_EXERCISE INSTRUCTIONS_
In your copy of the records, include every word exactly and no pictures.

_DATA EXTRACTS_
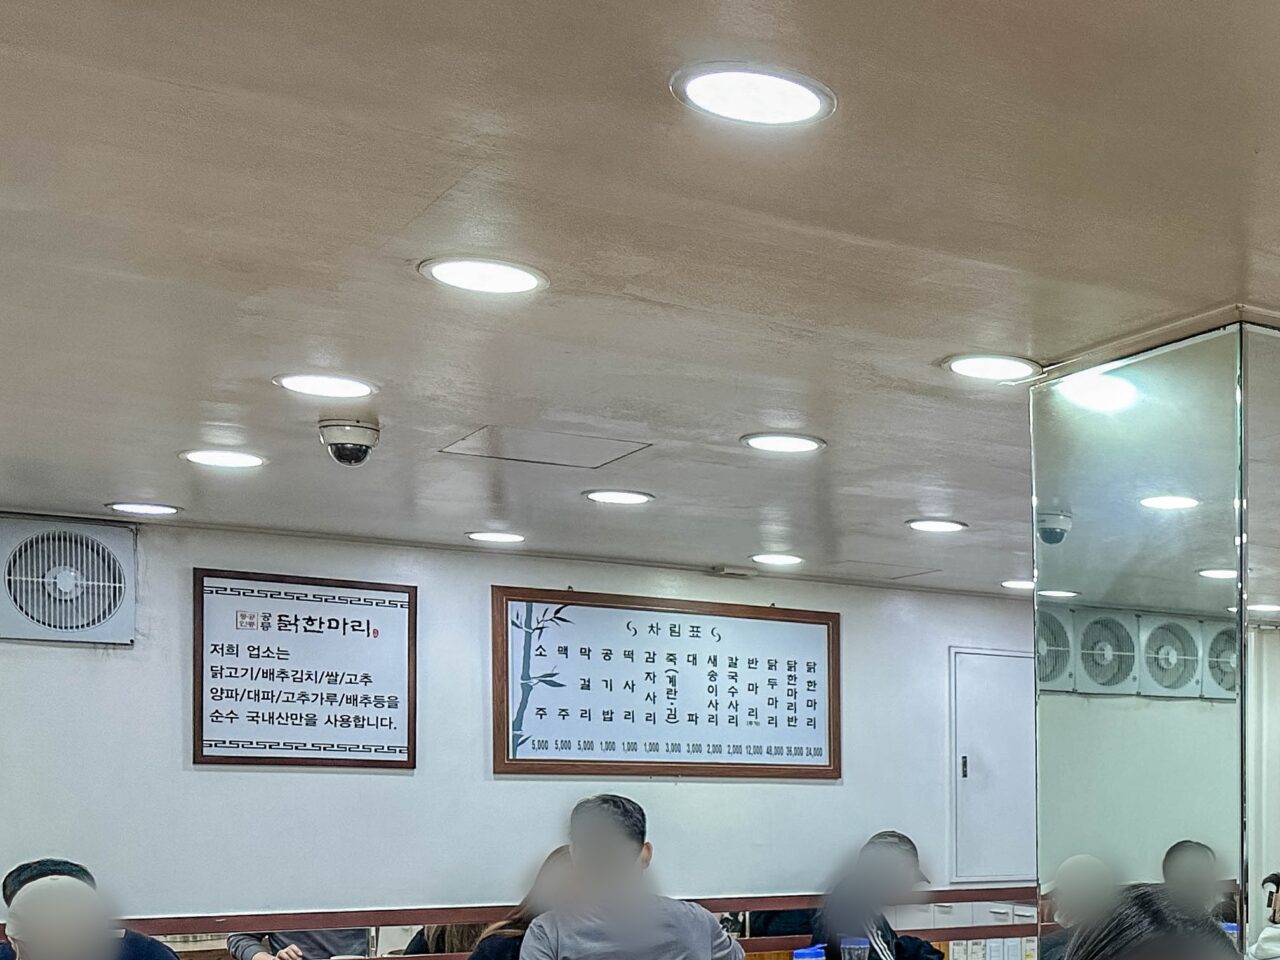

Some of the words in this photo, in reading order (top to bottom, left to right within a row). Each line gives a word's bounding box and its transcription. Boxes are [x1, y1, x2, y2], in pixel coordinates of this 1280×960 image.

[277, 614, 370, 637] 닭한마리
[648, 622, 702, 639] 차림표
[209, 643, 239, 658] 저희
[247, 645, 291, 661] 업소는
[209, 665, 373, 687] 닭고기/배추김치/쌀/고추
[209, 687, 400, 709] 양파/대파/고추가루/배추등을
[209, 709, 239, 724] 순수
[246, 710, 318, 727] 국내산만을
[324, 714, 398, 730] 사용합니다.
[532, 739, 549, 751] 5,000
[555, 740, 571, 751] 5,000
[578, 740, 594, 752] 5,000
[600, 740, 616, 752] 1,000
[622, 741, 637, 752] 1,000
[644, 741, 659, 753] 1,000

_YOUR RESPONSE_
Some of the words in this photo, in reading order (top to bottom, left to right within a row). Each line gives a word's bounding box and its transcription. Boxes are [x1, y1, x2, y2], in pixel coordinates of this 1280×960 image.

[277, 614, 370, 637] 닭한마리
[648, 622, 702, 639] 차림표
[209, 643, 239, 658] 저희
[247, 645, 291, 661] 업소는
[209, 665, 373, 687] 닭고기/배추김치/쌀/고추
[209, 687, 400, 709] 양파/대파/고추가루/배추등을
[209, 709, 239, 724] 순수
[246, 710, 318, 727] 국내산만을
[324, 714, 398, 730] 사용합니다.
[532, 739, 549, 751] 5,000
[555, 740, 571, 751] 5,000
[578, 740, 594, 752] 5,000
[600, 740, 616, 752] 1,000
[622, 741, 637, 752] 1,000
[644, 741, 659, 753] 1,000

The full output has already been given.